Iran-Linked Hackers Use New Cavern C2 Framework to Target Israeli Organizations
Iranian-linked threat cluster "Cavern Manticore" utilizes a novel, modular C2 framework called Cavern to target Israeli IT providers and government sectors. The framework employs a sophisticated anti-analysis strategy by mixing .NET Framework, Mixed-Mode C++/CLI, and Native AOT compilation formats across its components. Attack vectors include DLL side-loading via SysAid updates and leveraging trusted RMM relationships for lateral movement between service providers. Specific modules handle distin
Analysis
TL;DR
- Iranian-linked threat cluster "Cavern Manticore" utilizes a novel, modular C2 framework called Cavern to target Israeli IT providers and government sectors.
- The framework employs a sophisticated anti-analysis strategy by mixing .NET Framework, Mixed-Mode C++/CLI, and Native AOT compilation formats across its components.
- Attack vectors include DLL side-loading via SysAid updates and leveraging trusted RMM relationships for lateral movement between service providers.
- Specific modules handle distinct post-exploitation tasks such as SQL database extraction, Active Directory reconnaissance, and SOCKS5 proxying.
- This activity coincides with broader Iranian cyber campaigns exploiting vulnerabilities in systems like SmarterMail and n8n for reconnaissance and data exfiltration.
Why It Matters
This case highlights the increasing sophistication of state-sponsored actors in utilizing mixed-language .NET architectures to evade detection and complicate reverse engineering efforts. For security practitioners, it underscores the critical risk posed by third-party software supply chains and Remote Monitoring and Management (RMM) tools, which can be weaponized to bypass perimeter defenses. Understanding these advanced evasion techniques is essential for improving endpoint detection and response (EDR) capabilities against modern APT groups.
Technical Details
- Framework Architecture: The Cavern C2 framework is divided into a core agent and modular plugins, allowing for tailored deployments.
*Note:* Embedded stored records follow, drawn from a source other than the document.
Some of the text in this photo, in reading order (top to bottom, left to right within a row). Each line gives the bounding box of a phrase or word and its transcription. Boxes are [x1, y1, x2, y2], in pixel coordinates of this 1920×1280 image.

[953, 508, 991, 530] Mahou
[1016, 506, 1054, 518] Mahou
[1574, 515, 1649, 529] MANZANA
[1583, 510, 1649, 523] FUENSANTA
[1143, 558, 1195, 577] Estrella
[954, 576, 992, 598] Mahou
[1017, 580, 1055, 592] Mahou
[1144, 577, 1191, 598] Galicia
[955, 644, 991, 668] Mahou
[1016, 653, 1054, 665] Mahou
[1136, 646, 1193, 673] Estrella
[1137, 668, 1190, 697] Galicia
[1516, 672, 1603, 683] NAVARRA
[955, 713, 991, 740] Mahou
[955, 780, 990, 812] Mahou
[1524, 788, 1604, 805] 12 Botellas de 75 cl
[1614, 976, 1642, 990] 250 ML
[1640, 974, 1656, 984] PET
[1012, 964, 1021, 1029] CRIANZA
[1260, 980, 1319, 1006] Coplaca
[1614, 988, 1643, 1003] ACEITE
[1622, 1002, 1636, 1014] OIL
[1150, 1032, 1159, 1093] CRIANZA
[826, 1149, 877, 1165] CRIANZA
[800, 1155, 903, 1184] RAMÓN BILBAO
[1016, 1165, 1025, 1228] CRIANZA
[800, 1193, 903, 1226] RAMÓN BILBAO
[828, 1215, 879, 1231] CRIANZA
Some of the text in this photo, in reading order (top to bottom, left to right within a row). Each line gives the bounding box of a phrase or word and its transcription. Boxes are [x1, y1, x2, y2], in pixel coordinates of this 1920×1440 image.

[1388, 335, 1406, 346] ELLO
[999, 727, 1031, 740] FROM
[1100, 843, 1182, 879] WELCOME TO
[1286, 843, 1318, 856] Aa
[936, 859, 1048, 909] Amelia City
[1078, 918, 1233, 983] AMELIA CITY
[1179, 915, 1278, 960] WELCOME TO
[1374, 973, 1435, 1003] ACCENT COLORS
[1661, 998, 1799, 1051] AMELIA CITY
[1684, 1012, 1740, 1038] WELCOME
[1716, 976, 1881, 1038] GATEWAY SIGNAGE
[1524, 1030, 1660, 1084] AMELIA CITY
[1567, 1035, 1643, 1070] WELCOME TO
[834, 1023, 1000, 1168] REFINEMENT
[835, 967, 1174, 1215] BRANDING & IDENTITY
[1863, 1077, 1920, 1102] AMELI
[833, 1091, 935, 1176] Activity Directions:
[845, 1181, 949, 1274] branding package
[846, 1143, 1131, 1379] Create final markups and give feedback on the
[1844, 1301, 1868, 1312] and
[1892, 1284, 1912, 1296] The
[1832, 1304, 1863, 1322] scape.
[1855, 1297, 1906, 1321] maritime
It uses a unified module dispatcher that distinguishes between native DLLs (prefixed with 'n-') loaded via
LoadLibraryAand managed .NET assemblies loaded viaAppDomainisolation. - Compilation Diversity: To hinder analysis, the framework mixes three compilation targets: pure .NET Framework (e.g.,
mhm.dll,db.dll,ode.dll), Native AOT (e.g.,n-HTCommp.dll,n-ten.dll,n-sws.dll), and Mixed-Mode C++/CLI for the main agent (uxtheme.dll). - Module Functionality: Five specific DLL modules were identified:
mhm.dllfor file operations and transfers,db.dllfor SQL database manipulation,ode.dllfor AD reconnaissance and LDAP brute-forcing,n-ten.dllfor network scanning and SMB brute-forcing, andn-sws.dllfor SOCKS5 proxying and WebSocket tunneling. - Initial Access Chain: The attack begins with abusing SysAid’s update feature to load a trojanized
uxtheme.dll. This agent then loadsn-HTCommp.dllto communicate with the C2 server (hospitalinstallation[.]com) over HTTPS or WebSocket to fetch additional modules. - Supply Chain Exploitation: Actors exploit trusted relationships between IT providers, moving from an initial compromised provider to a second-hop provider before reaching the final target, often disguising malware as legitimate software updates.
Industry Insight
- Enhance RMM Security: Organizations must implement strict integrity checks and monitoring for Remote Monitoring and Management (RMM) tools, as these trusted channels are increasingly targeted for lateral movement.
- Adopt Multi-Layered EDR: Given the use of mixed compilation formats and AppDomain isolation to evade static analysis, traditional signature-based detection is insufficient. Deploy EDR solutions capable of behavioral monitoring and dynamic analysis to detect anomalous process creation and memory injection.
- Monitor Supply Chain Updates: Verify the authenticity of software updates from vendors like SysAid, and restrict automatic update permissions where possible to prevent unauthorized DLL side-loading.
Disclaimer: The above content is generated by AI and is for reference only.